Friday, June 18, 2004

And that's all she wrote, folks! The Never-Ending Class from Hell and the World's Most Boring Book are a thing of the past. I have no idea what kind of grade I will end up with. I never even bothered to read the final version of my study group's project. My oral presentation was perfunctory at best. It was all the enthusiasm I could muster. So it's over and I get the next two Thursday's off. I will be busy making appointments to get my plow fixed up, my truck fixed up, myself fixed up, etc. I've had a pretty serious sinus infection since we went to Florida a month ago, and it isn't getting any better. That hasn't helped my performance in this class (or anything else for that matter; when you can't breathe, you don't care about trivial things like work, church, etc.).

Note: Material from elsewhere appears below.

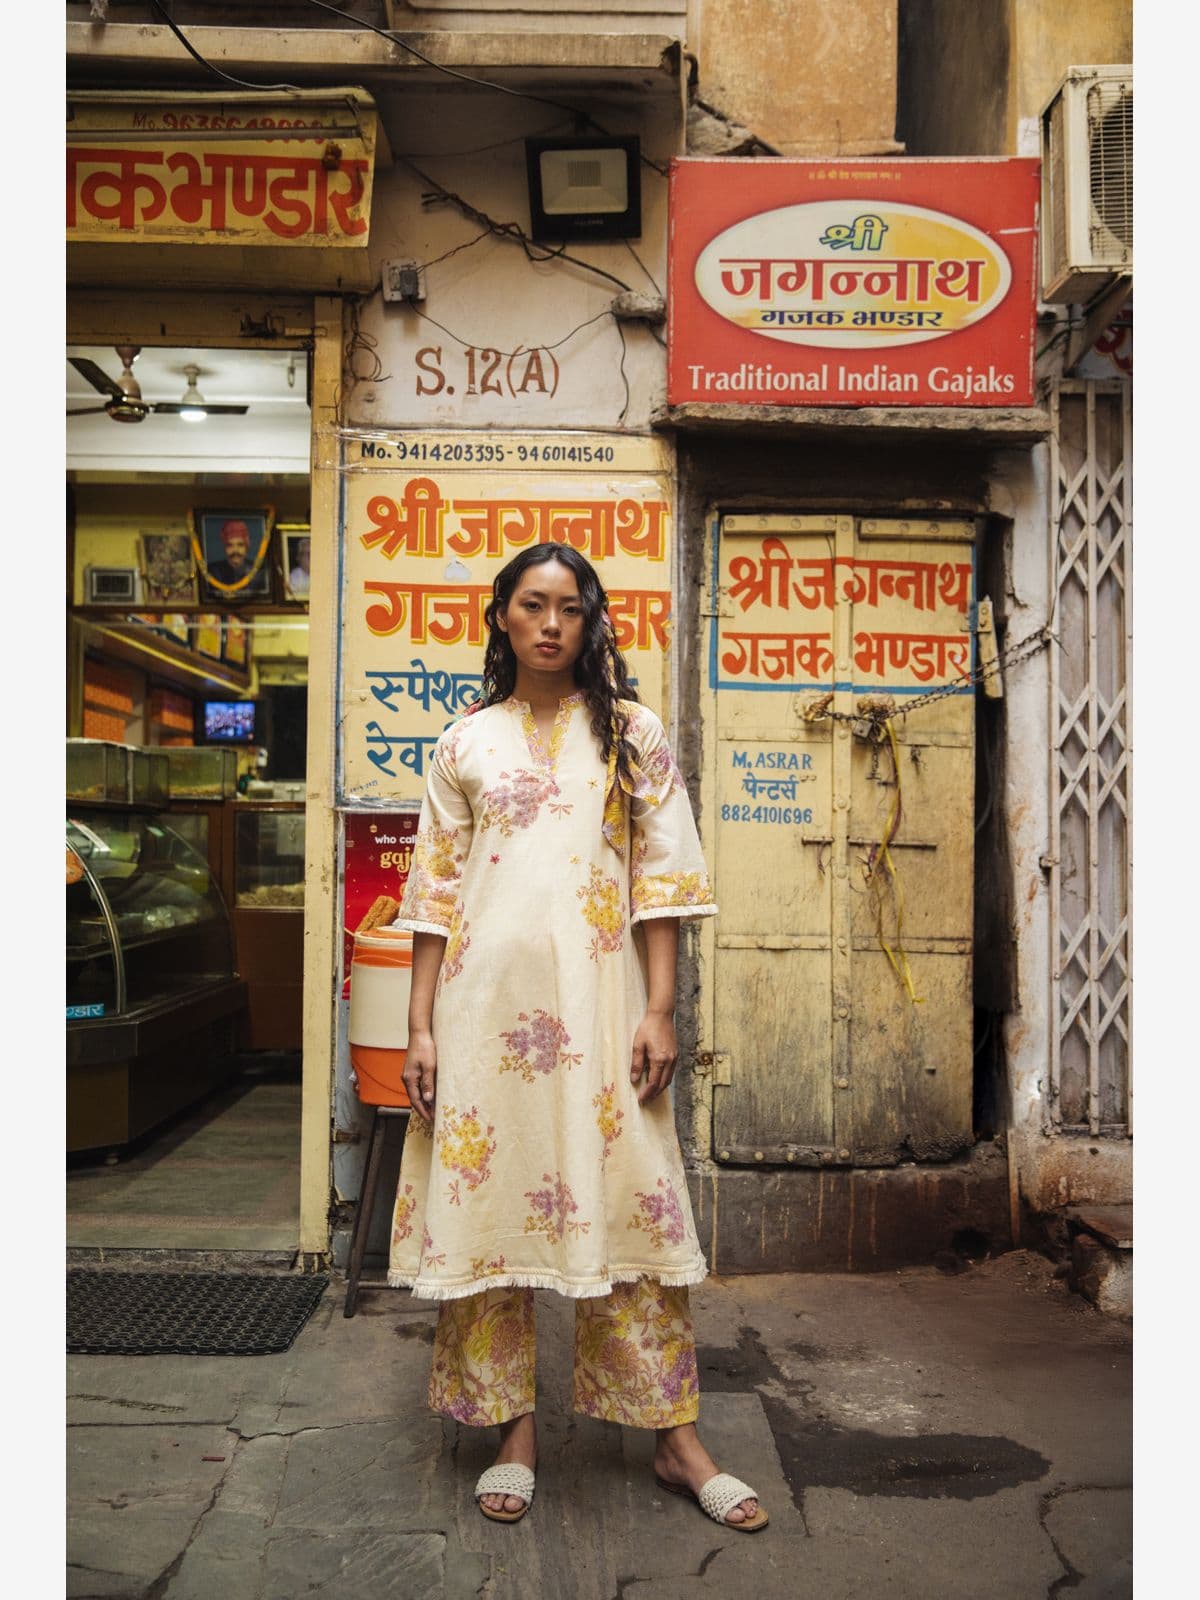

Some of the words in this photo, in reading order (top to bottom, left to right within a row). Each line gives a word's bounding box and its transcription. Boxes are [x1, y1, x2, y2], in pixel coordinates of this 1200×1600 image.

Not much else going on. I hope to have some time tomorrow to fire up the inverter, get all the settings plugged in, and give it a run with its new set of batteries. It will be interesting to see if I can get the well and furnace working this time. The furnace is just a matter of getting the right settings in the inverter. The last time I tried it, the generator would kick off every time the furnace came on because I had max amps from the generator set too high. That's easy to fix. The well pump is going to be a problem, I think. If I set it up to work with the inverter, it won't work running straight off the generator, and visa versa. I need to figure a way to set things up so it's easy to switch back and forth. I'd also like to get the generators switched around so I can have some electricity in the cabin. We need to finish packing up and moving things out of there and get the place cleaned up. We may need it for company this summer.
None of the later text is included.